Let’s face it. Is it really possible to save in Malawi, especially given the huge ‘black tax’ (as the South Africans call it) that our extended families impose on our incomes above those by the Malawi Revenue Authority?
Actually, a couple of years ago, I met somebody at Chitipa Inn then. He recognised my face and asked me for advice on how to save from his meager salary. My advice was simple but yet punchy: spend less than you earn! But his reaction was instant and loud ‘akulu mukuyowoya nthena chifukwa mukupokera ndalama zinandi. Pala ningamuphalirani izo nkhupokera ine mbwenu mulirenge misozi. Ndalama zane zikumala pambeli nindapokere, sono zakuwika padera nizitorenge nkhu?’ (you are advising me to spend less than I earn because you have a fat salary—you would cry if I revealed mine. There is no way I can cut spending and save.’
But listen. Saving is about being disciplined. You can do it if you are determined regardless of what you earn. The first step to saving is minding your spending habits. Here are some five, but not exhaustive, ways to get started. First, go through every monthly required bill. Ask yourself if you really need that service or item at all. Do you really need the expensive foreign herbal tea or local tea brands would do? Do you really use your two cell phones much at all, or you could just maintain one hand-set and cut down on phone credit? Do you really need to drink the premium beer brand every day of the month or an ordinary beer would provide the same satisfaction—or better still quitting all together? (Lest am excommunicated in my church, I am not encouraging anybody to drink beer but am just talking reality). Do you really need to subscribe to a full DSTV package when all you do is watch Aljazeera News which you can get on MBC TV? Simply put, go through each bill and see if there are any optional services you can eliminate.
Second, keep diligent track of your spending. Keep a notebook in your pocket and write down every expense you have. Sounds theoretical but I did apply it with a high degree of success – you just have to do it for a couple of months. The simple process of doing this will make you think twice about unnecessary expenses. When you do have a month’s worth of expenses written down, take a careful look at them. Ask yourself whether or not each of these expenses actually contributed to the value and sustainable joy of your life. That process will offer a lot of insight for you as to where your spending is going to waste.
Third, look carefully at your routines. Watch what you do every day (or most days). Are there things you do each day that cost money like passing by the Bottle Store every day on your way back from work? Those things are the most powerful ones to adjust, as trimming just one bottle of Hunters Dry worthy K1 000 from your daily spending saves you K365 000 a year (just to assure my pastor that I don’t know the actual price of a Hunters Dry). If you have to stop at a saloon every couple of days, why not buy your own hair blower and do it at home? Do you eat out every day? Perhaps you can start packing a container from home (brown bagging) a few days a week. Simply put, scrutinise every regular expense you make.

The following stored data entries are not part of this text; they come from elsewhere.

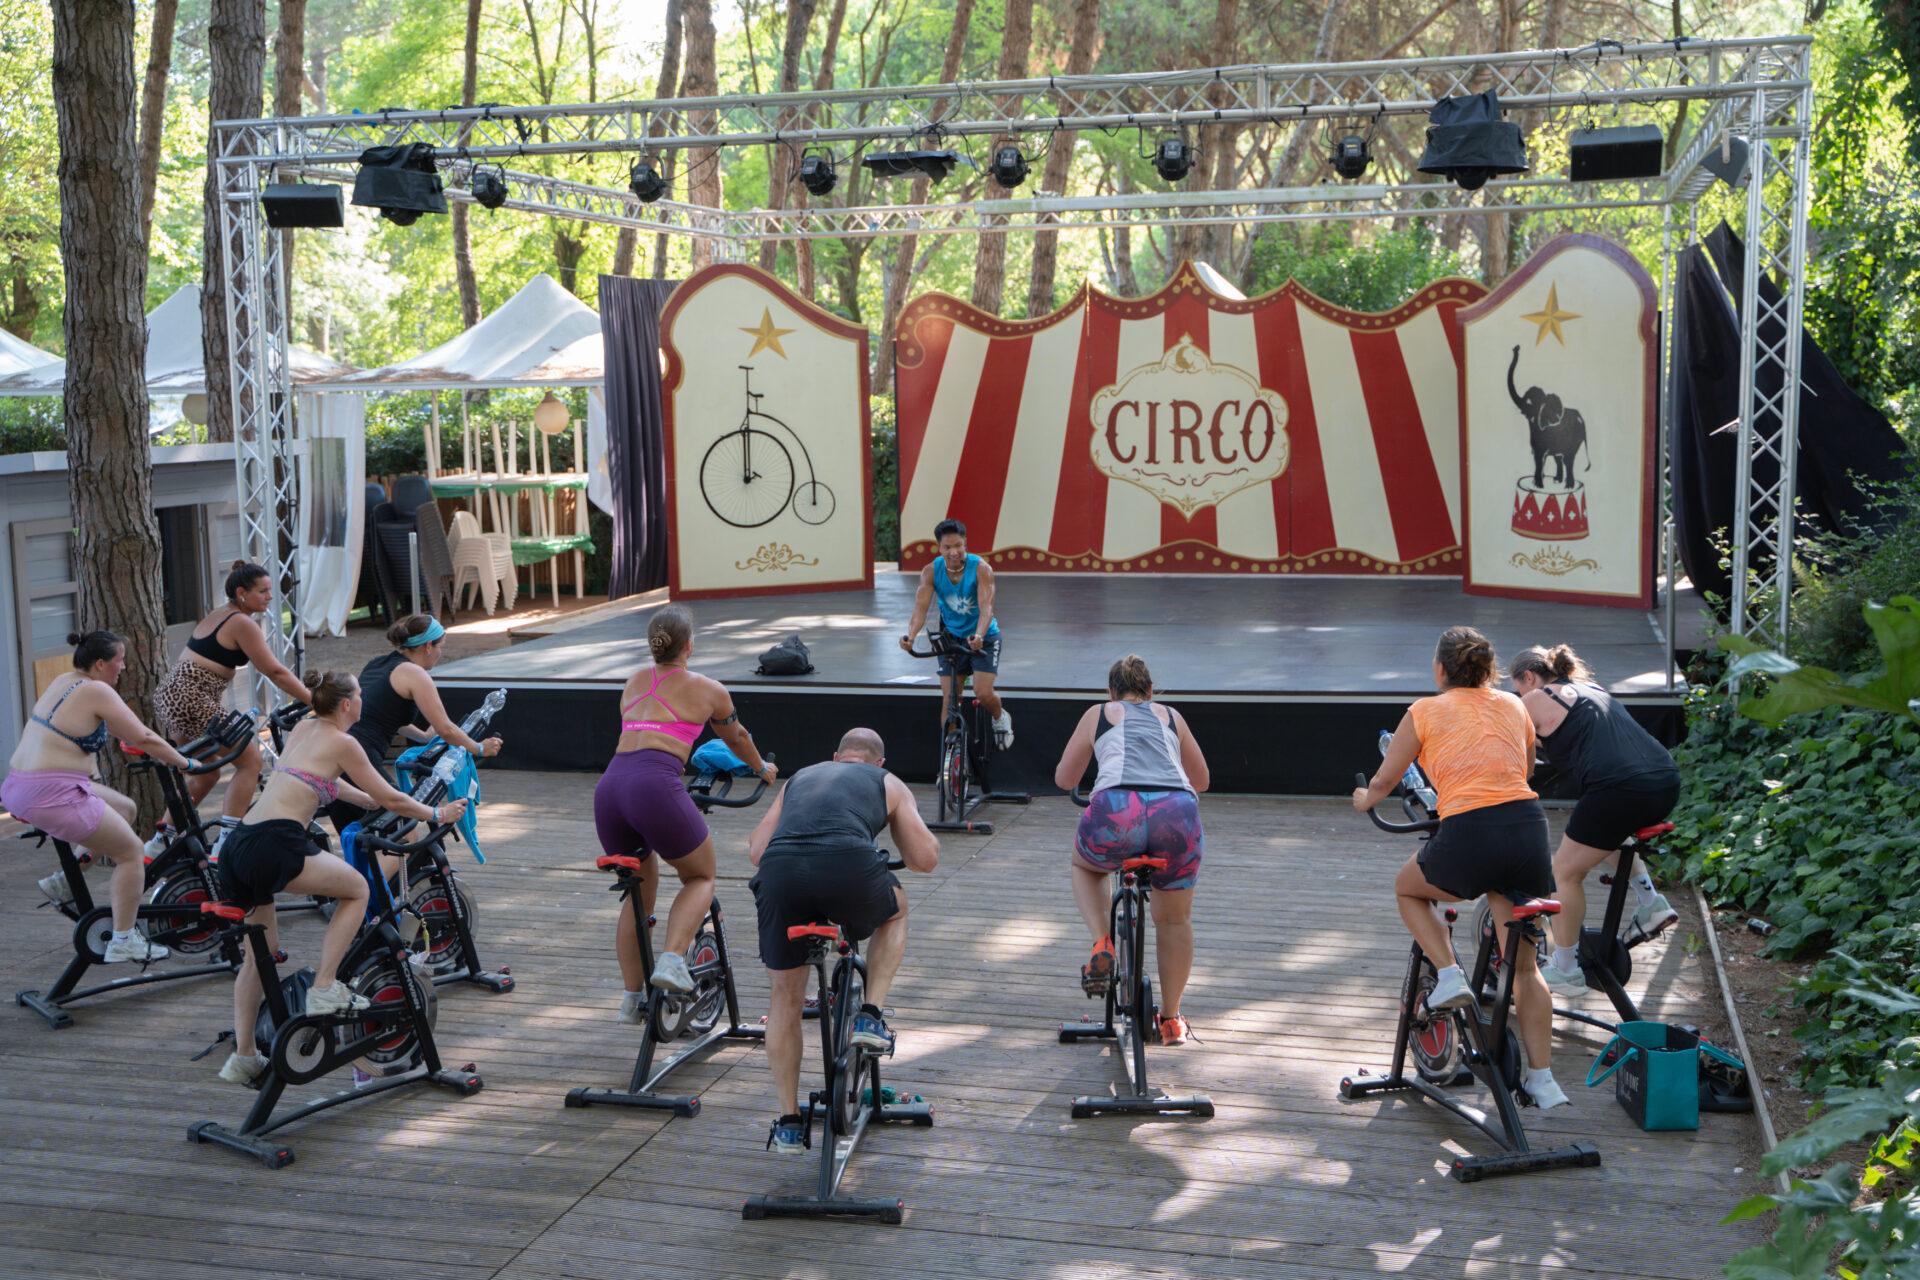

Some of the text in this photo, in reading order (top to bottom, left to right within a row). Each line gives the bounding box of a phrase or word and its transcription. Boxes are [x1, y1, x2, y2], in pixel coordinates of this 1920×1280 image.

[1105, 399, 1275, 464] CIRCO
[202, 868, 219, 901] SCHWI
[446, 875, 463, 919] SCHWINN
[401, 960, 421, 1009] SCHWINN
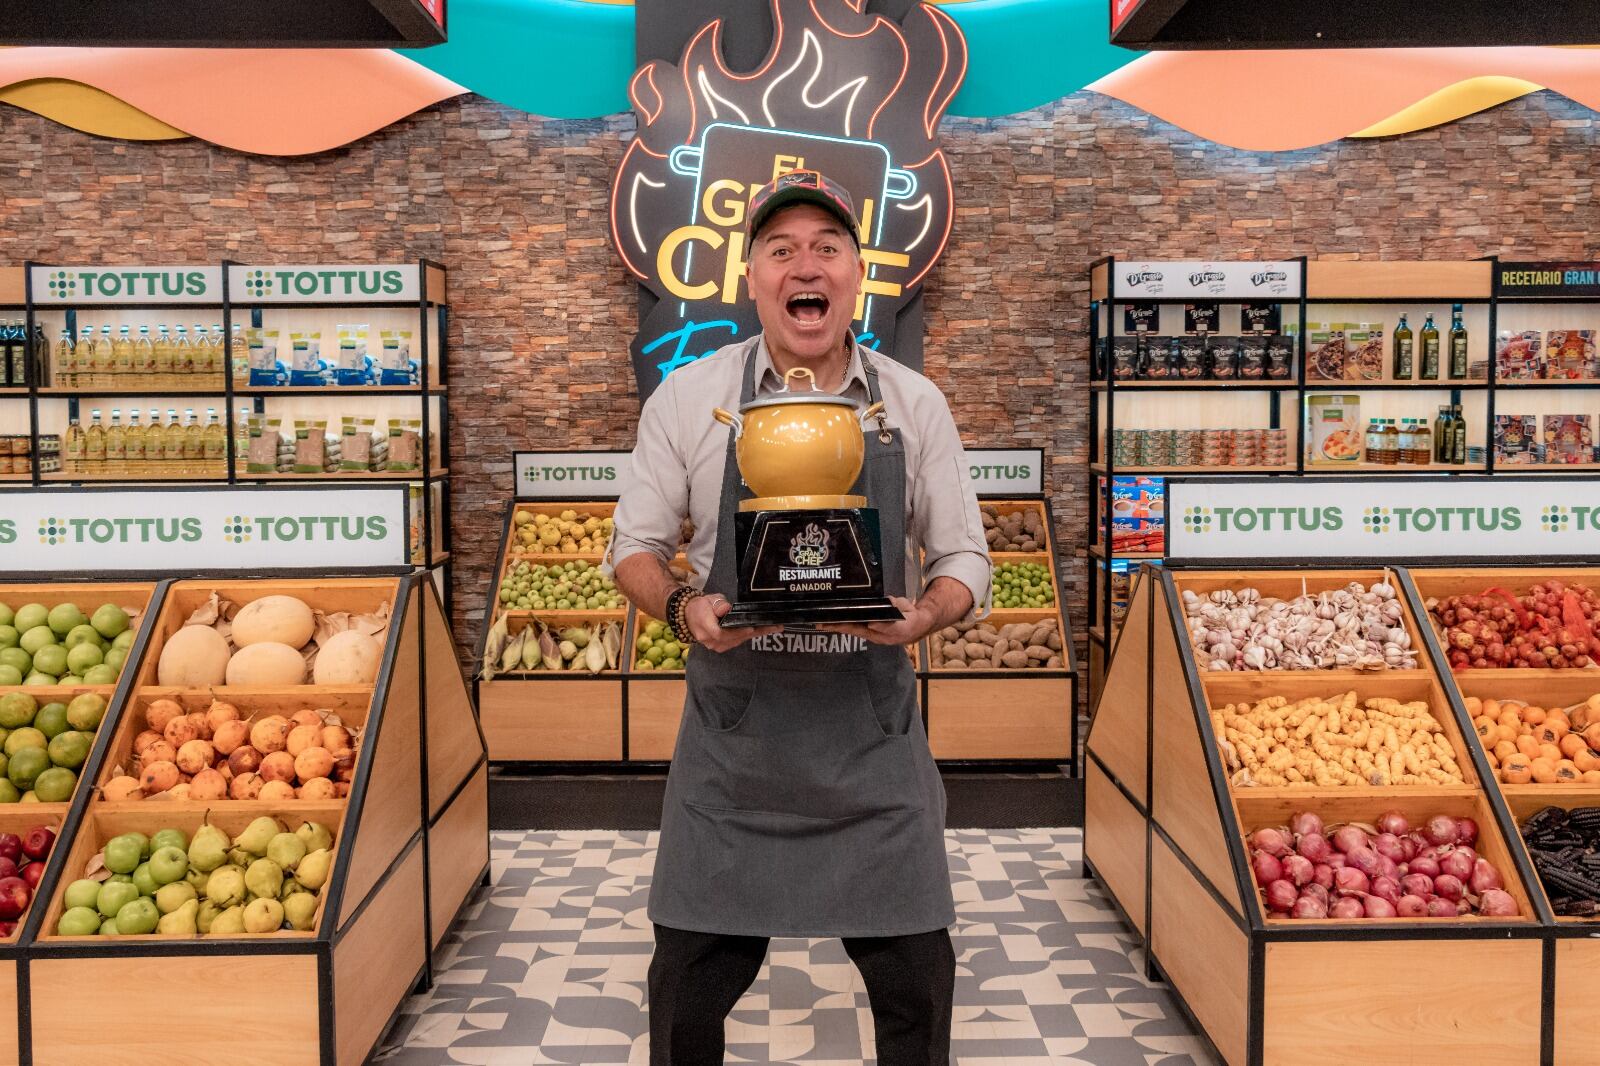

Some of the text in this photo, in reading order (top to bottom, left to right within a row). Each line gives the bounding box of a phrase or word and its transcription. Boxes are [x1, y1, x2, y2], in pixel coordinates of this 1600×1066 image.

[78, 271, 207, 297] TOTTUS
[275, 269, 404, 296] TOTTUS
[1502, 270, 1595, 286] RECETARIO GRAN
[541, 466, 617, 481] TOTTUS
[969, 465, 1031, 480] OTTUS
[1213, 506, 1344, 532] TOTTUS
[1392, 506, 1522, 532] TOTTUS
[70, 517, 203, 543] TOTTUS
[255, 515, 388, 541] TOTTUS
[799, 549, 820, 557] GRAN
[795, 556, 823, 566] CHEF
[779, 567, 842, 582] RESTAURANTE
[789, 582, 833, 592] GANADOR
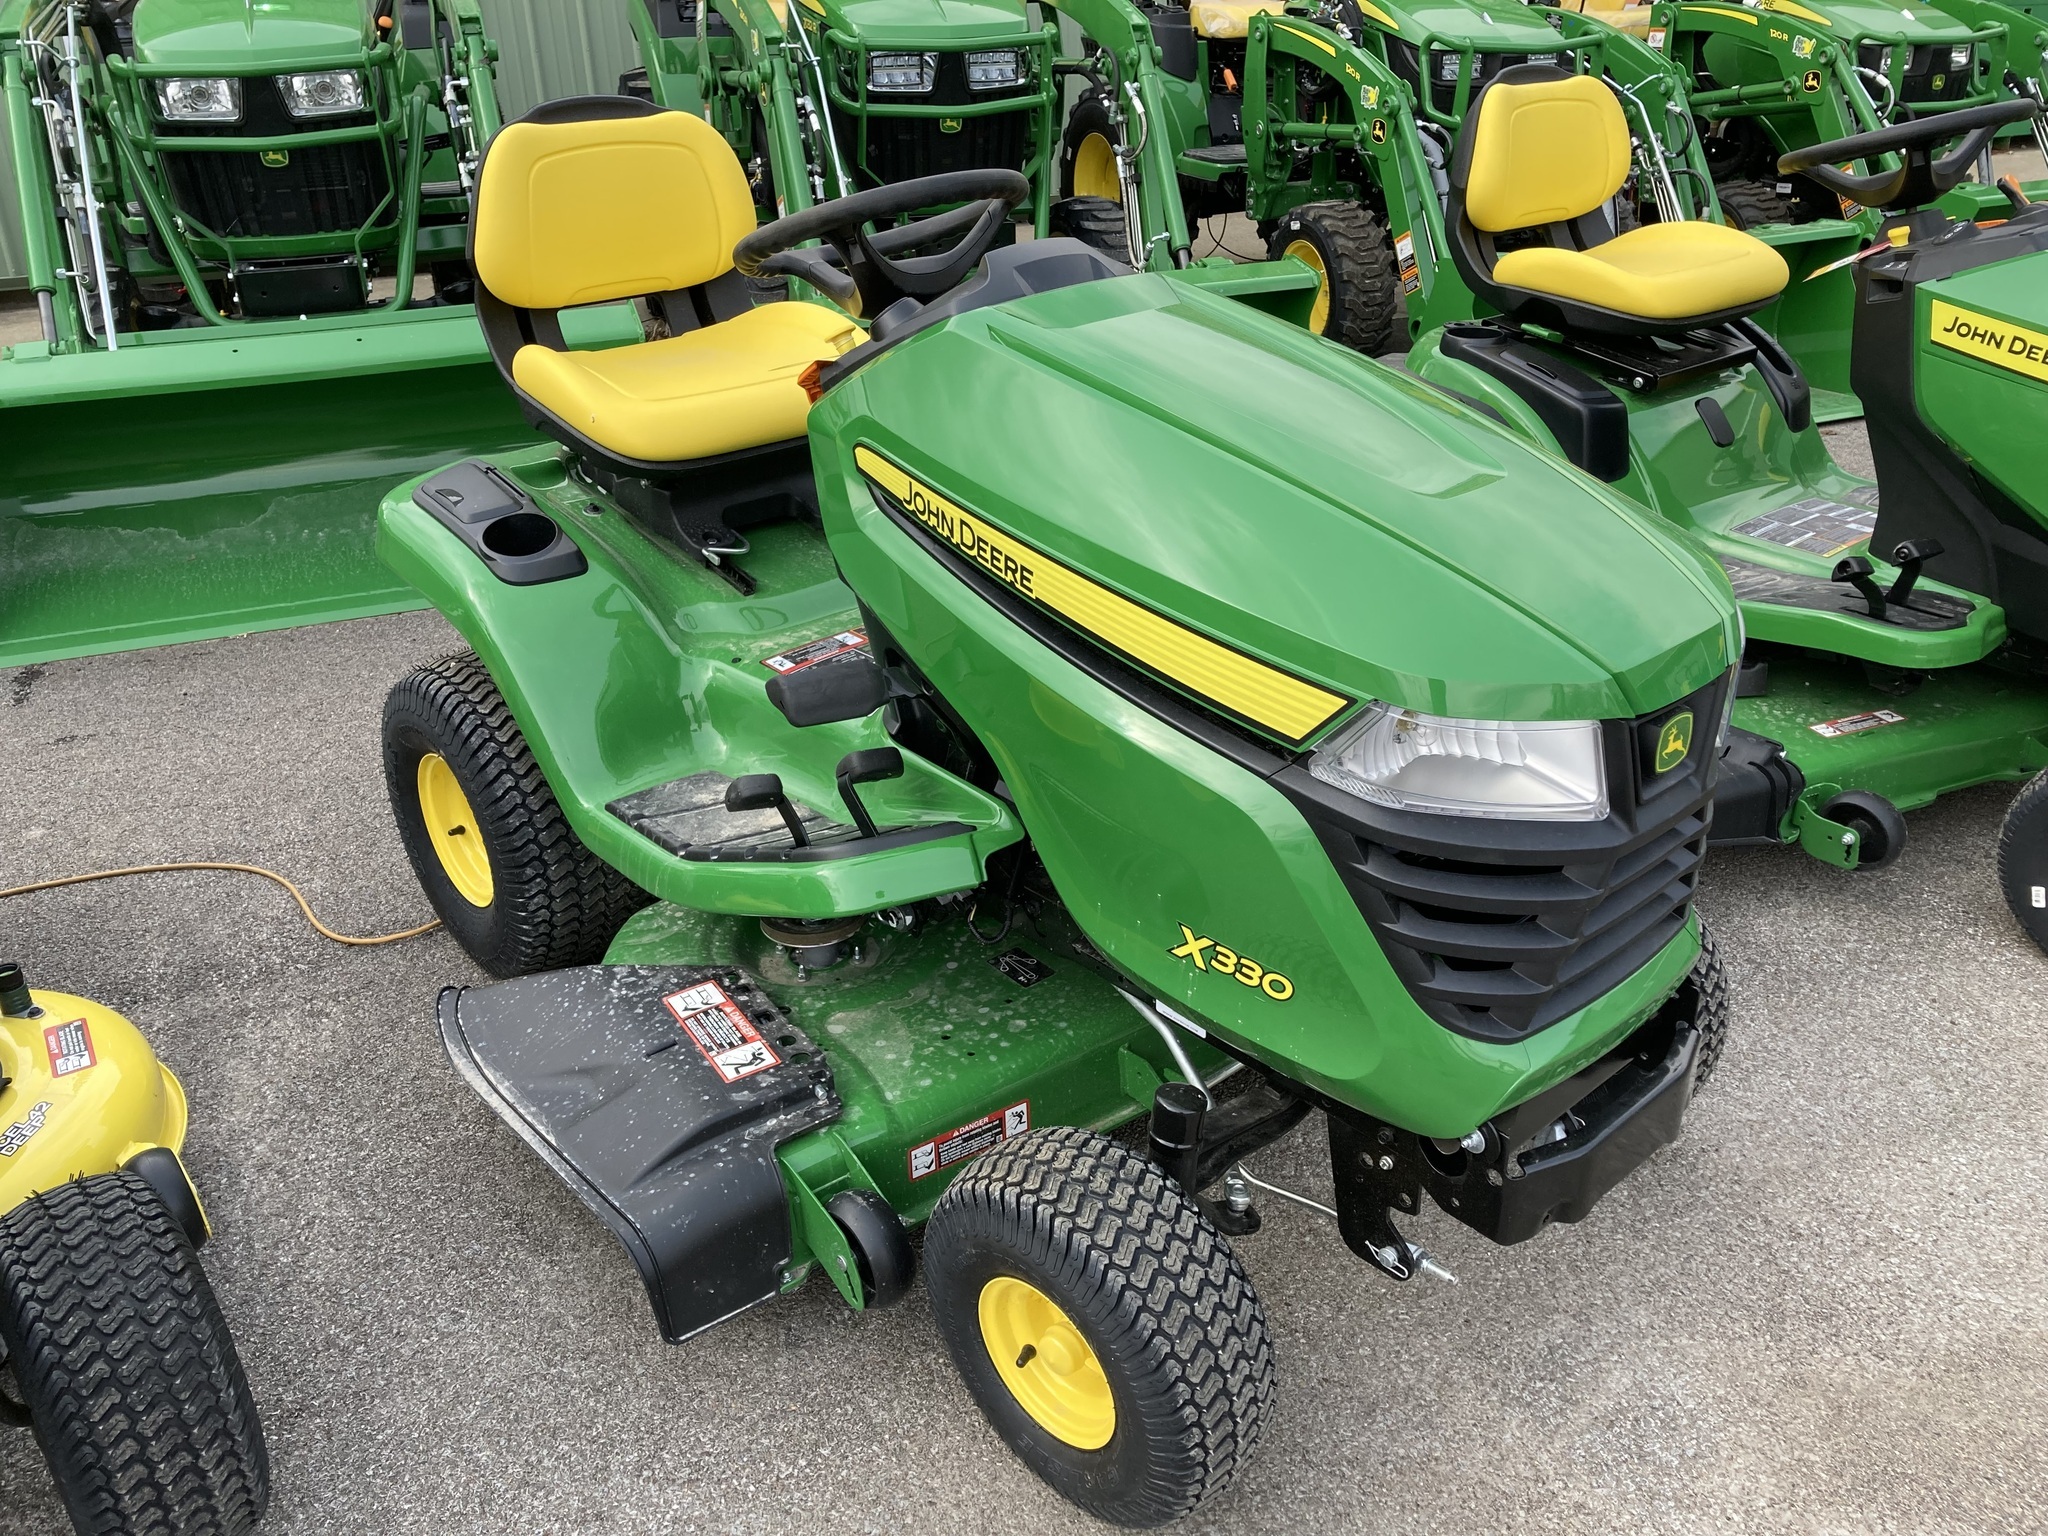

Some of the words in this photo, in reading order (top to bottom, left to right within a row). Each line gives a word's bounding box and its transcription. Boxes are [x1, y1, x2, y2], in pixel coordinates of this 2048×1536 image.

[1943, 316, 2005, 350] JOHN
[902, 480, 955, 541] JOHN
[959, 518, 1035, 595] DEERE
[1167, 921, 1295, 1001] X330
[729, 1011, 757, 1037] DANGER
[0, 1115, 46, 1157] DEEP
[959, 1117, 989, 1134] DANGER

By the way, my Chitipa friend didn’t seem to like the advice when I was telling him. But just a month down the line, he called sounding so excited ‘akulu mulikunovwira chomene. Mwizengeso pawuli nizakamulongosolerani vyose?’ (thanks my brother for the advice you gave me. When are you back in Chitipa, I need to tell you my whole story).’
A blessed week-end to you and yours as you plan to act! The rewards are enormous.